Desde la Defensoría informaron que el cuerpo del imputado no presentaba signos de violencia en la cárcel.


La defensora provincial Jaquelina Ana Balangione confirmó este miércoles que el joven detenido por el asesinato de su hijastro en Santo Tomé “tenía mucho temor” antes de la audiencia en la que lo imputaron el crimen, la cual resultó ser su última presentación ante la Justicia antes de su muerte en el penal de Coronda.

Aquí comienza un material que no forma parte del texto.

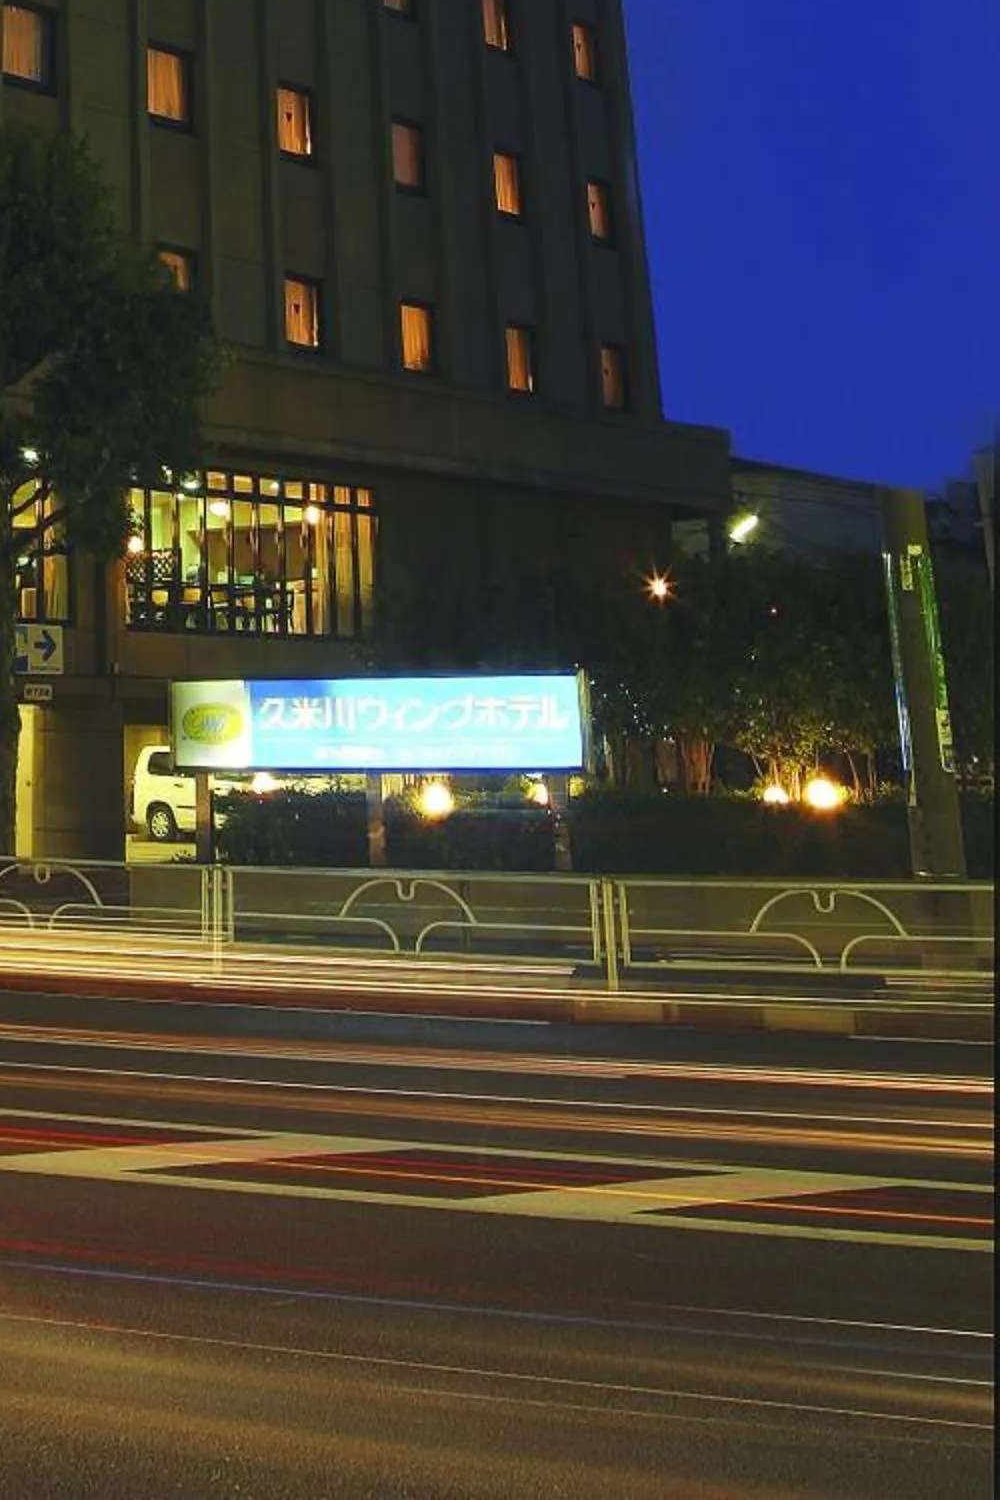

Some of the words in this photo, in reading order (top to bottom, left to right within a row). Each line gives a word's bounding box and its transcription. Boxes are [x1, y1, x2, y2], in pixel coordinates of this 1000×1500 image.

Recibía amenazas amenazas por redes sociales de que las cosas que le iban a hacer al llegar a la cárcel”, comentó la funcionaria respecto del pedido que habían hecho para que Carlos Alberto Pérez no quedara bajo arresto en dependencias de ese tipo sino en una comisaría.

La ex magistrada apuntó que “los ofensores sexuales suelen ser recibidos de manera hostil por parte de los internos” y al muchacho “lo precedía una imputación por abuso” tras su captura este fin de semana al sur de Santa Fe. “El juez ordenó que el Servicio Penitenciario dispusiera las medidas de garantías y el único resguardo fue ponerlo en una celda de aislamiento“, subrayó ante la consulta de Aire de Santa Fe.

Al tiempo que descartó cualquier tipo de contacto con otros internos, Balangione se mostró preocupada y observó: “Lo dejaron solo sin ningún tipo de custodia más que el agente que hace una especie de ronda cada dos horas”.

Después de mantener una entrevista con el forense a cargo de la autopsia, la defensora señaló que la muerte se debió a “asfixia por ahorcamiento” y descartó la hipótesis de un homicidio. “El cadáver no presentaba signos de violencia”, insistió.